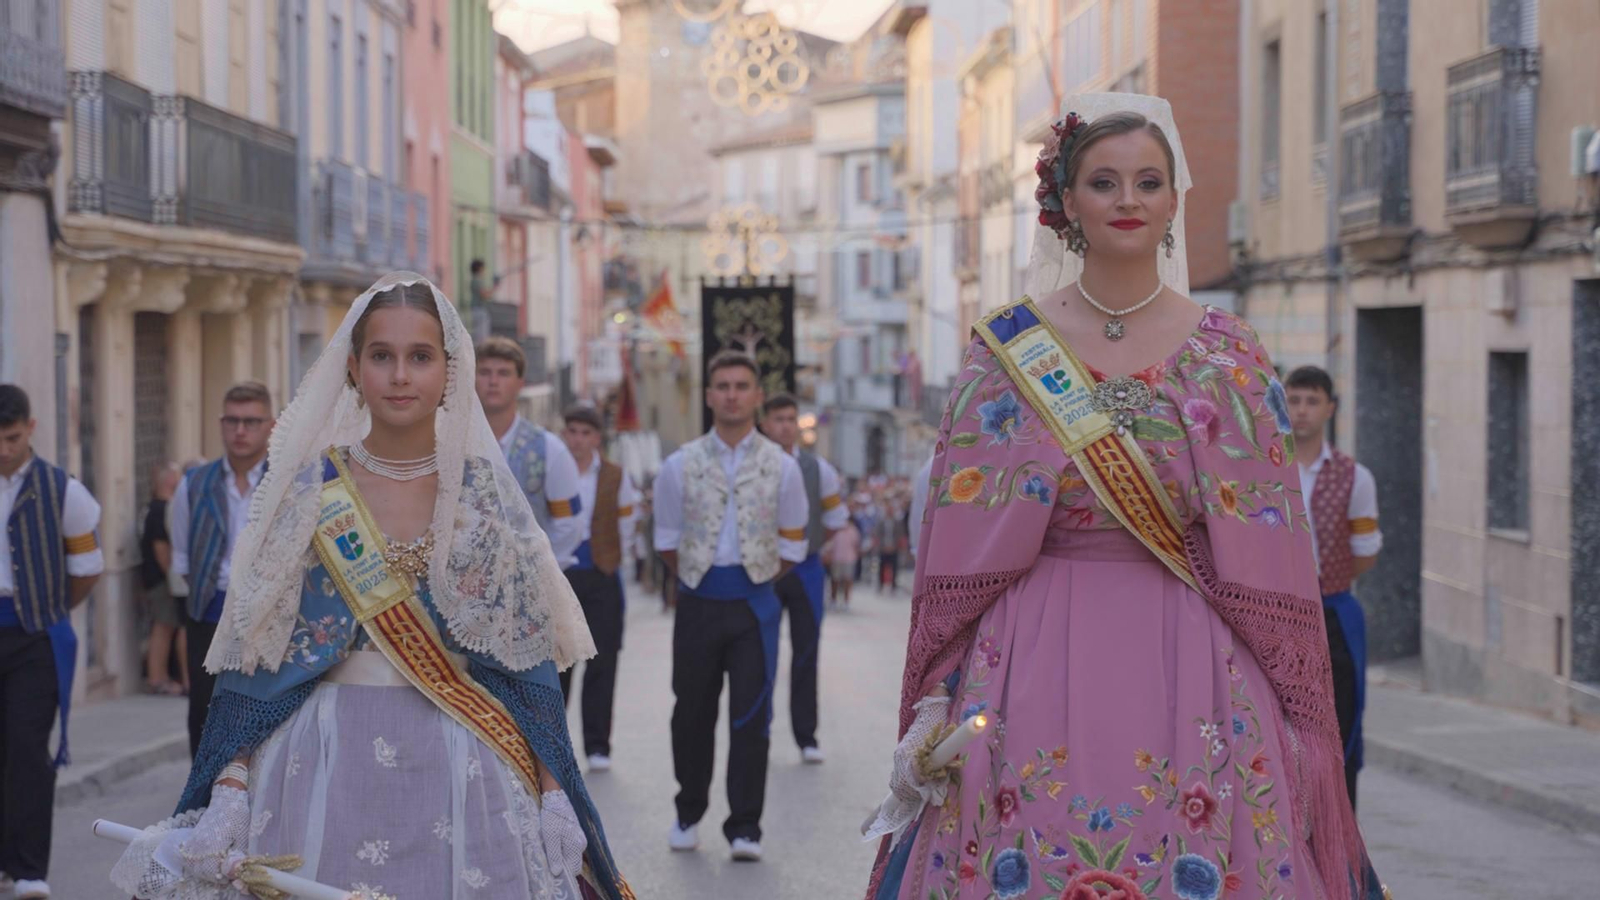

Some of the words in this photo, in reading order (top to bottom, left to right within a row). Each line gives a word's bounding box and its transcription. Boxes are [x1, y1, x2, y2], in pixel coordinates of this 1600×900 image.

[1018, 345, 1055, 367] PATRONALS
[1021, 341, 1044, 358] FESTES
[1050, 400, 1059, 409] LA
[1059, 390, 1076, 402] FONT
[1053, 407, 1063, 416] LA
[1063, 402, 1094, 426] 2025
[320, 501, 341, 513] ESTES
[1097, 448, 1161, 542] Reina
[343, 567, 352, 576] LA
[352, 557, 368, 570] FONT
[369, 551, 379, 560] DE
[346, 575, 355, 584] LA
[356, 559, 383, 577] FIGUERA
[356, 570, 387, 594] 2025
[392, 620, 455, 695] Reina
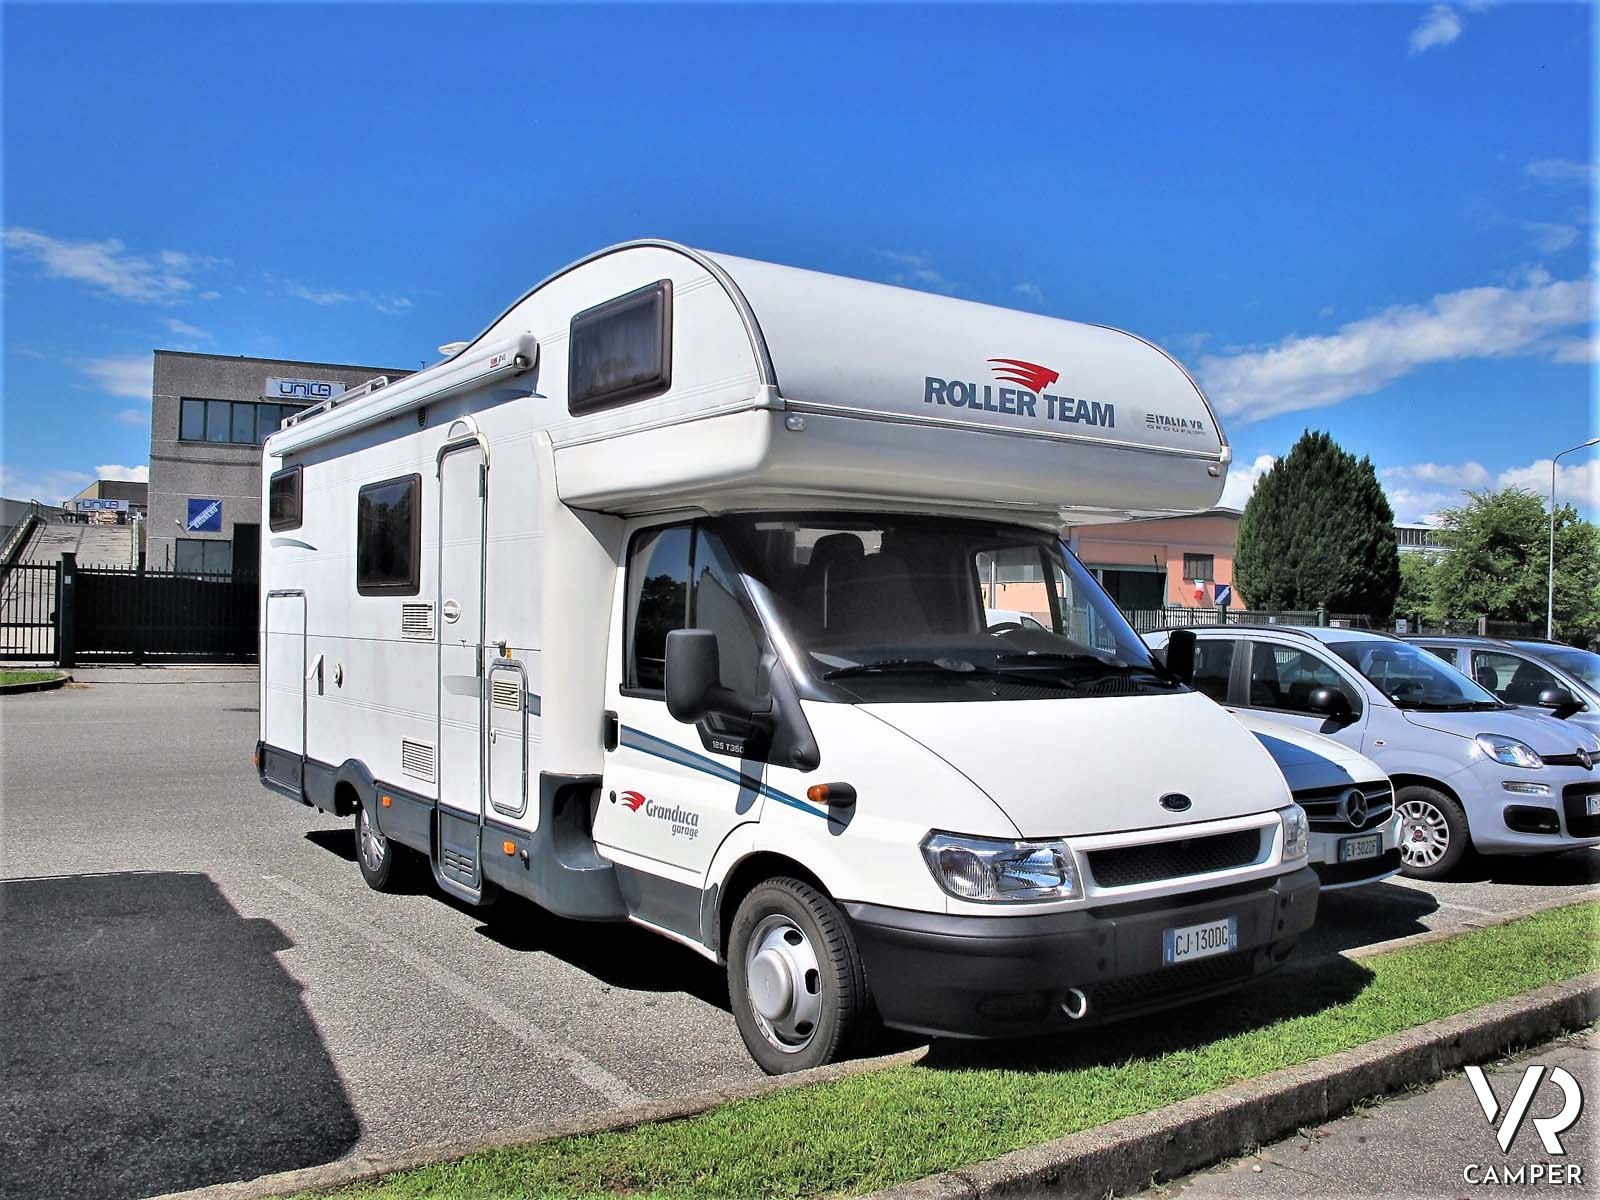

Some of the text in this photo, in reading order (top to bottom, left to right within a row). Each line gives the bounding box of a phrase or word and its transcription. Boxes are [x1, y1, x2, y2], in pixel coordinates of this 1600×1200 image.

[924, 376, 1115, 428] ROLLER TEAM
[1155, 414, 1204, 430] ITALIA VR
[712, 740, 724, 750] 125
[646, 799, 699, 827] Granduca
[671, 823, 699, 840] garage

Your objective =
For this exercise, the answer is the lines from the one containing "Some of the text" through the end of the listing above, reproduced exactly.

Response =
Some of the text in this photo, in reading order (top to bottom, left to right within a row). Each line gives the bounding box of a phrase or word and its transcription. Boxes are [x1, y1, x2, y2], in pixel coordinates of this 1600×1200 image.

[924, 376, 1115, 428] ROLLER TEAM
[1155, 414, 1204, 430] ITALIA VR
[712, 740, 724, 750] 125
[646, 799, 699, 827] Granduca
[671, 823, 699, 840] garage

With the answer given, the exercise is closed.